Any leader worth his salt knows self-evaluation is necessary for professional growth. Here’s how to make it truly useful. By Satyaki Sarkar
1. Consider several viewpoints
The first step in self evaluation is to ask yourself what you should do, what others think you do, and what you should be doing, and write it all down. When you think about your various responsibilities and others’ perceptions of how you have been carrying them out, you will be able to evaluate how well you’ve been handling them. The key lies in writing these observations down, so that you have a starting point and a way to form an objective, third person view of yourself to discover which aspects require work and where you have exceeded expectations.
2. Ask yourself if you are meeting your team’s expectations
For a leader, one of the most important yardsticks is measuring how good a leader you are to your team. So ask yourself, have you been able to live up to their expectations? A team’s expectations aren’t only restricted to the work that they do, but also involve the work that you do, how well you handle critical, stressful situations, the kind of bond you are able to generate with team members, and how best you can motivate them to keep excelling at their work. It helps to make a checklist of these various expectations and evaluate yourself on those parameters. This not only helps you become a better leader but also helps you gain their respect and admiration in the process.
3. Identify your pain points and discuss them with employees
While self-evaluation does help you discover your strengths and unique skills, it’s also important to concentrate on your pain points and shortcomings. These could be holding you back or hampering yours as well as your team’s productivity. So evaluate which ones directly affect the team and have an open discussion with team members so as to how you can best work together to mitigate those problems and drive up the collective efficiency. This helps improve transparency and creates a healthy synergy between you and your team, which further opens up a way to mutual self-improvement. Additionally, a leader who is willing and able to accept his/her shortcomings and work on them immediately rises up in the eyes of employees.
4. Use quantifiable units to evaluate yourself
While evaluating yourself, you should always try to be as accurate and precise as possible. Hence, simply judging yourself on the basis of good or bad does not work. You need to create a varied set of parameters on which you evaluate yourself, and use a simple but quantifiable way of measuring your progress on those parameters. Leaders can use a 1-10 evaluation method, which they can update every week, taking into account the progress made, the shortcomings that still remain, and feedback regarding the same.

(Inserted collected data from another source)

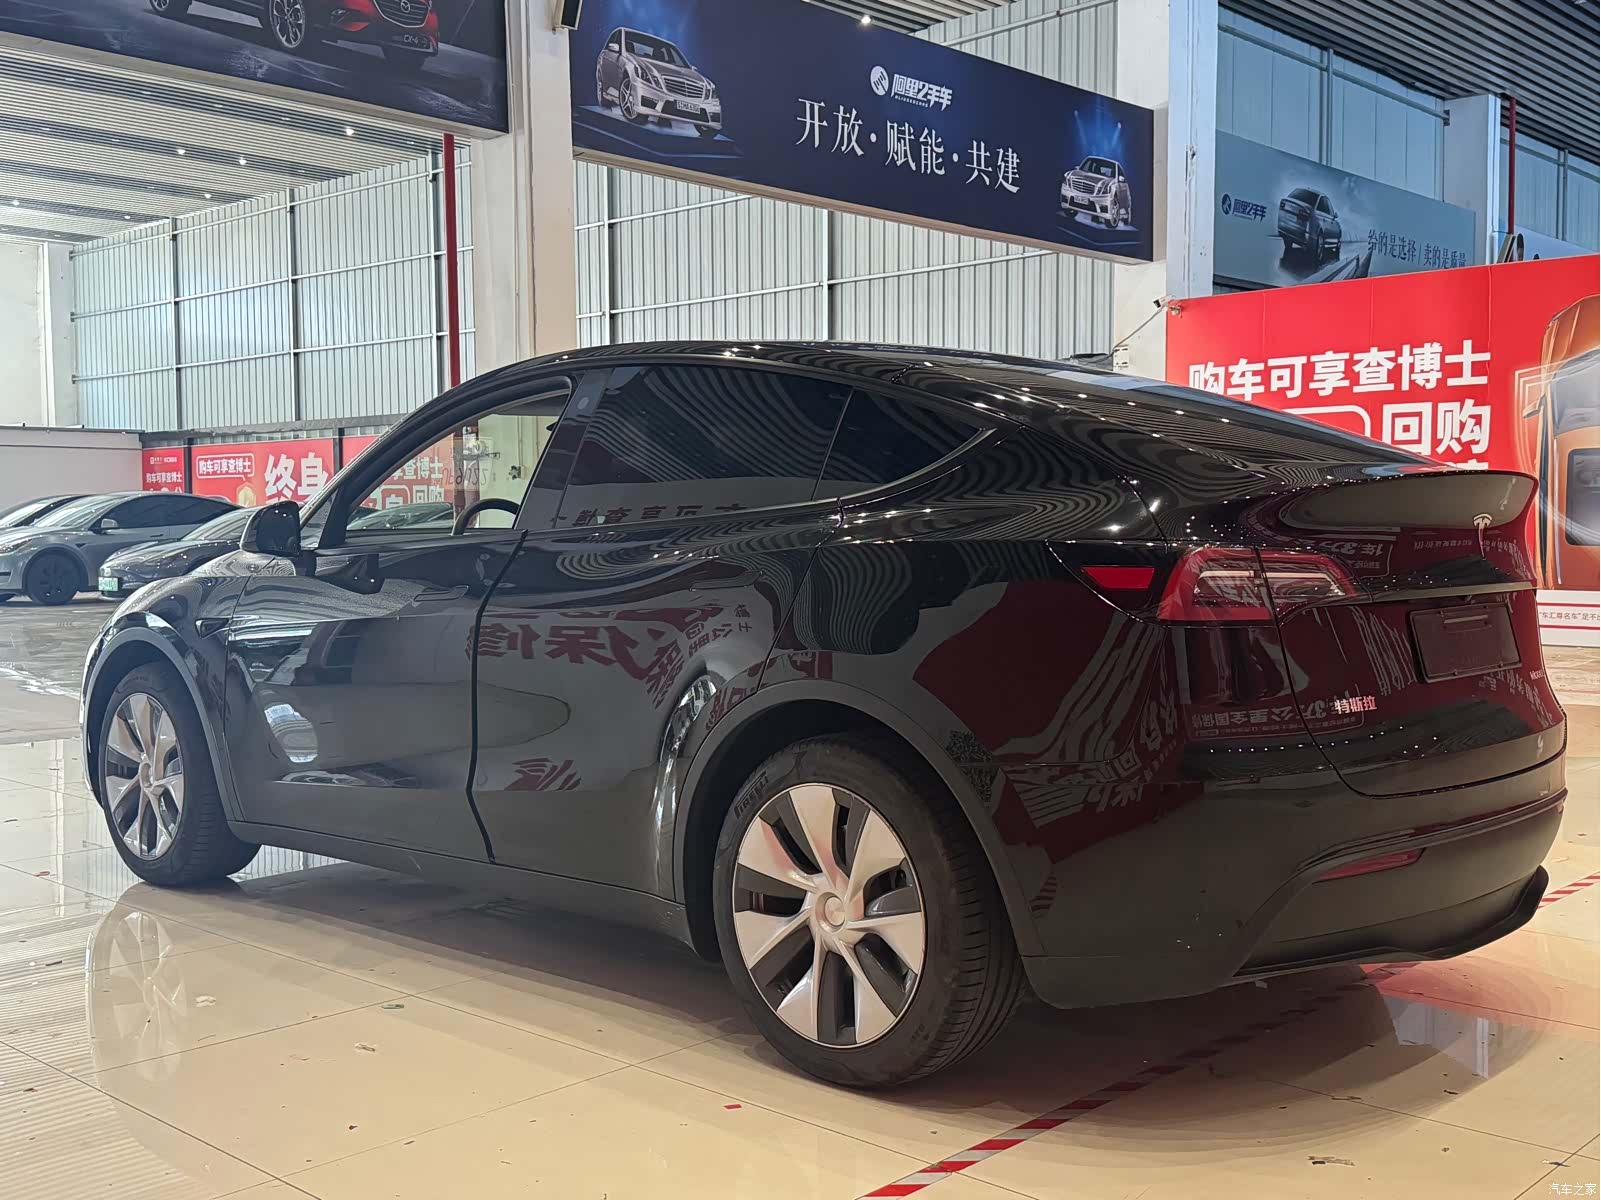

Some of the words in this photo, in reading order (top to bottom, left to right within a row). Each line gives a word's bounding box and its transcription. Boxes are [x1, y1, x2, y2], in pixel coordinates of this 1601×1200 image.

[1367, 228, 1417, 264] 给的是选择
[1188, 339, 1492, 401] 购车可享查博士
[1383, 398, 1491, 456] 回购
[1334, 695, 1378, 715] 特斯拉
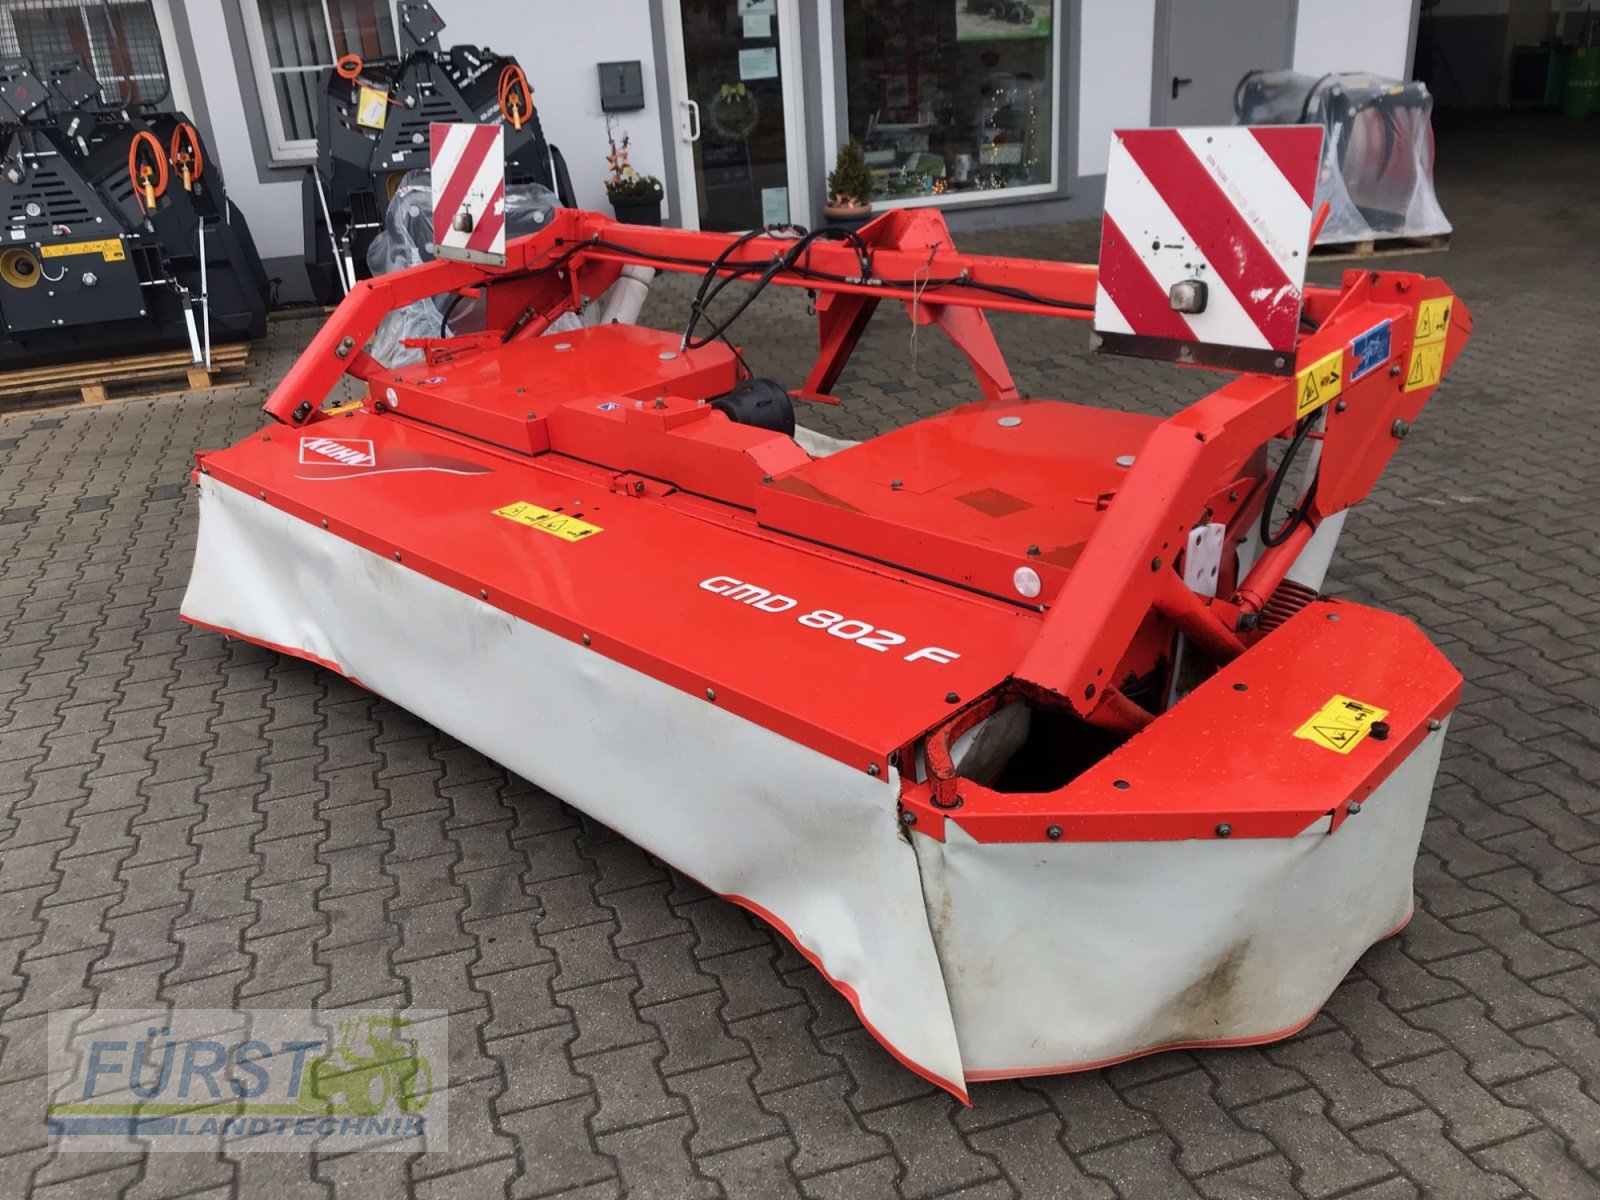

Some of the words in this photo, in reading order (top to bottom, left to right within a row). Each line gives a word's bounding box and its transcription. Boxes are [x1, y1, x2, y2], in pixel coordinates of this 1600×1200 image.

[303, 439, 372, 464] KUHN
[699, 575, 798, 613] GMD
[797, 610, 907, 652] 802
[903, 647, 961, 664] F

This gives you a target to aim for rather than a vague measurement that isn’t backed up by results, or compared with past or existing results.

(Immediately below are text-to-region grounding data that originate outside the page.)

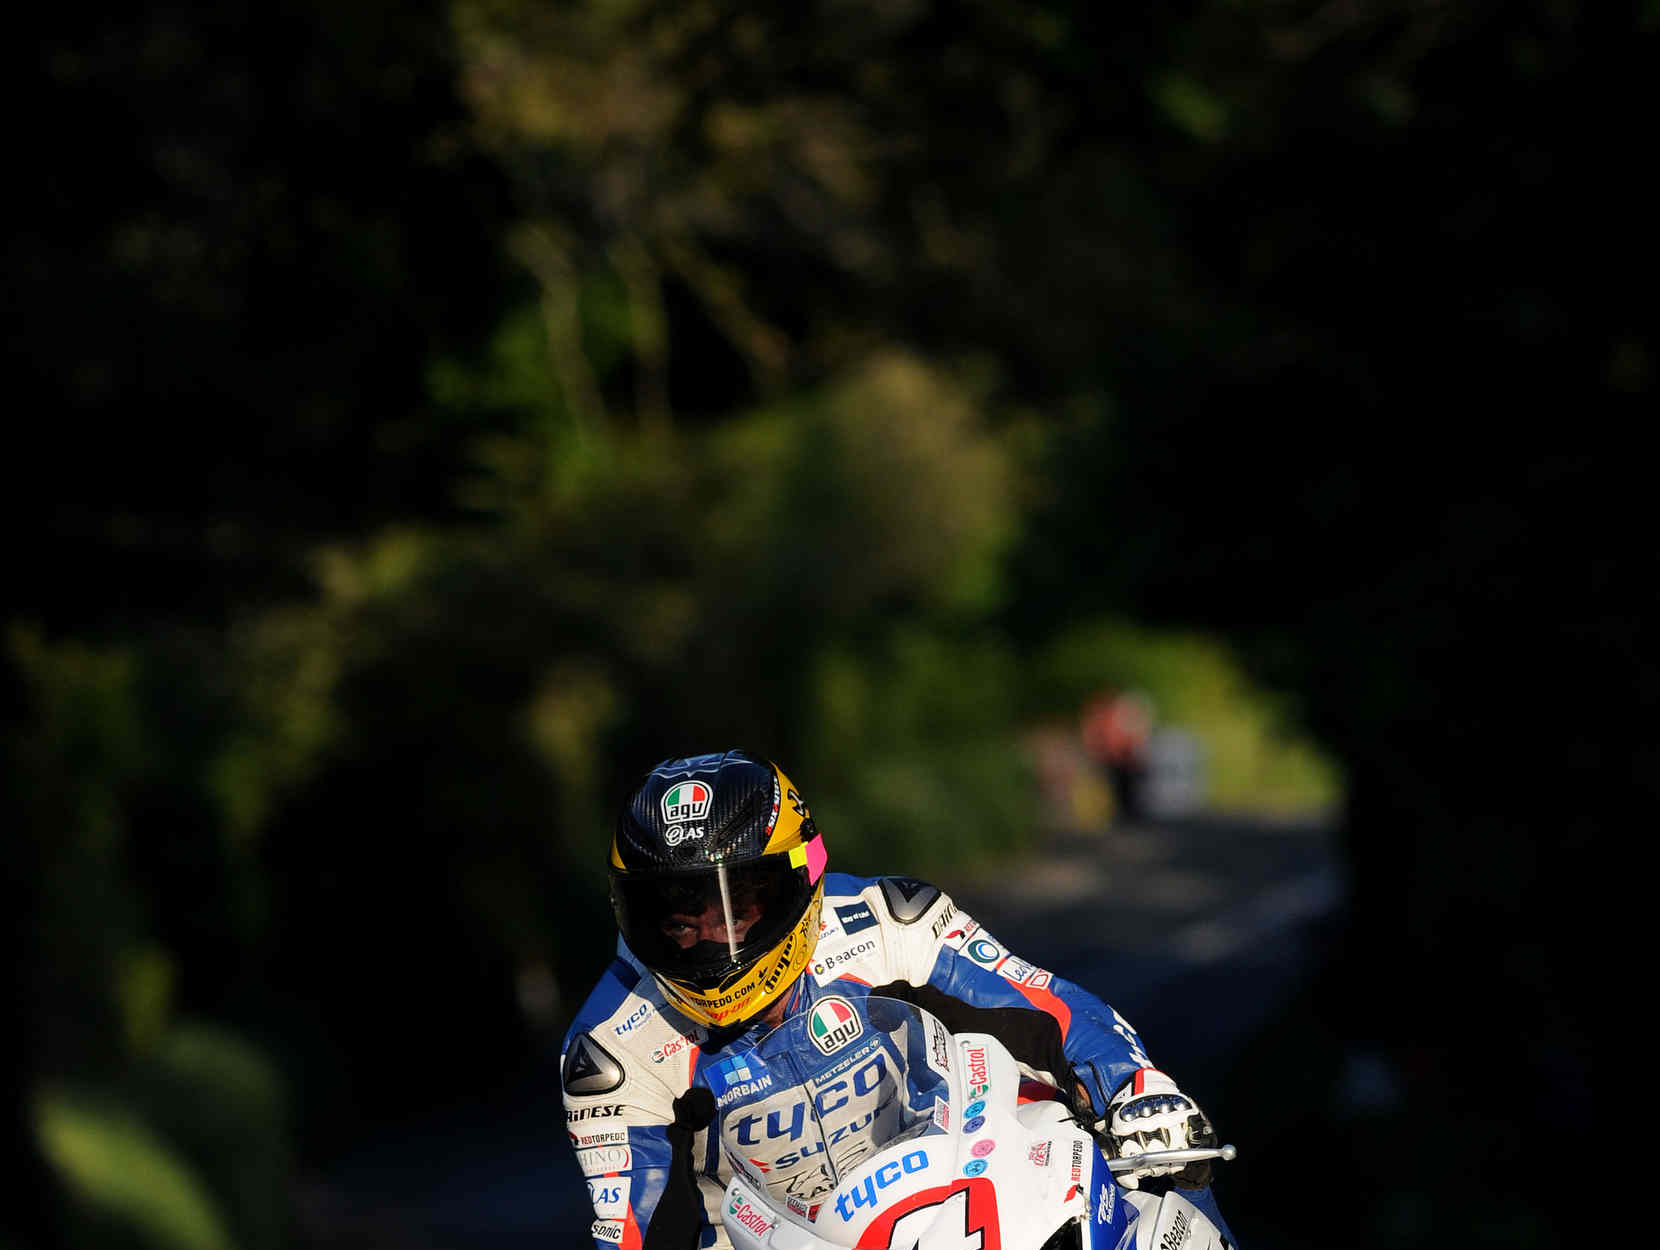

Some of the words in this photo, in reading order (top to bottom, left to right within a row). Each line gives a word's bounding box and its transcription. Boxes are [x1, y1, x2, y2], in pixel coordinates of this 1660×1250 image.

[825, 940, 876, 969] Beacon
[615, 1003, 647, 1036] tyco
[663, 1030, 699, 1057] Castrol
[967, 1047, 988, 1086] Castrol
[730, 1053, 888, 1146] tyco
[1071, 1140, 1083, 1181] REDTORPEDO
[834, 1150, 929, 1222] tyco
[736, 1204, 772, 1237] Castrol

5. Consider the end goal and the day’s work
Last but not the least, one of the best methods of self evaluation that some of the greatest leaders use is asking yourself this one simple question, at the end of every day—“Am I doing the best that I can?” This simple question is not meant to be a support that you lean on to justify yourself, but rather a way of comparing the effort you are putting in, your achievements against the end goal that you have set yourself. When you take a look at the big picture, be it launching an organisation of your own, or transitioning to a higher position/role, you are able to objectively gauge the boxes you need to tick in order to get there and judge whether you are doing all that you can and should do to reach there. This makes you answerable to yourself and gives you added motivation, along with a very real, pragmatic view of how far you’ve come and how far you have to go before you achieve your goal.